Description of the task —
Lines from the one containing "this 1280×1707 image." through the last one in the data below: write them out word for word, and only them.

--------------------

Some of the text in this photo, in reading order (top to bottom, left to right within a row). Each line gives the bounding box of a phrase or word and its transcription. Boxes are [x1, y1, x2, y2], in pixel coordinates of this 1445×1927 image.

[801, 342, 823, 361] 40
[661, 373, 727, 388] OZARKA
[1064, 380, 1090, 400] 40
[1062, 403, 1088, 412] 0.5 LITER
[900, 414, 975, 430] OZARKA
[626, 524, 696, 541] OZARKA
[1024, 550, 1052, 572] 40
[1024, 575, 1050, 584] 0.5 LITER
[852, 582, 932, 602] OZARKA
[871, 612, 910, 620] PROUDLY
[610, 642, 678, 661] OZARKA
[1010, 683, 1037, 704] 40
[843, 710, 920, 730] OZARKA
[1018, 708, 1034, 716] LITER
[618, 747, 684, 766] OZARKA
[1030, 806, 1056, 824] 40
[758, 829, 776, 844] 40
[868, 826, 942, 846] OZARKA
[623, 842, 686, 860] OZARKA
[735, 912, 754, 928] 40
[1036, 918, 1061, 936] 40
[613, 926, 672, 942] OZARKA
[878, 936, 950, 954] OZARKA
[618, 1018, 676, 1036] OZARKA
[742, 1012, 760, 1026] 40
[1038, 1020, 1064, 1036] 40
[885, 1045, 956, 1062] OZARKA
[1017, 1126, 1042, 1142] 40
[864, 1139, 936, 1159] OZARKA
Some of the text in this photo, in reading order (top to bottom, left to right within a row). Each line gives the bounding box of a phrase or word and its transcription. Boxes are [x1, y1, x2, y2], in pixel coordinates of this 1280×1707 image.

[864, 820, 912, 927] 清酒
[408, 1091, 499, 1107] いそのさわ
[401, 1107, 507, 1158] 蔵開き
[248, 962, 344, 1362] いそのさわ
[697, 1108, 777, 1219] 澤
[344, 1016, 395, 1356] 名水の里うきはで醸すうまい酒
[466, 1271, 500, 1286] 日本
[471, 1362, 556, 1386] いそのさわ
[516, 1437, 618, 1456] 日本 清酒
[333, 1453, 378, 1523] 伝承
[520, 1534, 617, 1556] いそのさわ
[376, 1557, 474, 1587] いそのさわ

--------------------

Your response —
Some of the text in this photo, in reading order (top to bottom, left to right within a row). Each line gives the bounding box of a phrase or word and its transcription. Boxes are [x1, y1, x2, y2], in pixel coordinates of this 1280×1707 image.

[864, 820, 912, 927] 清酒
[408, 1091, 499, 1107] いそのさわ
[401, 1107, 507, 1158] 蔵開き
[248, 962, 344, 1362] いそのさわ
[697, 1108, 777, 1219] 澤
[344, 1016, 395, 1356] 名水の里うきはで醸すうまい酒
[466, 1271, 500, 1286] 日本
[471, 1362, 556, 1386] いそのさわ
[516, 1437, 618, 1456] 日本 清酒
[333, 1453, 378, 1523] 伝承
[520, 1534, 617, 1556] いそのさわ
[376, 1557, 474, 1587] いそのさわ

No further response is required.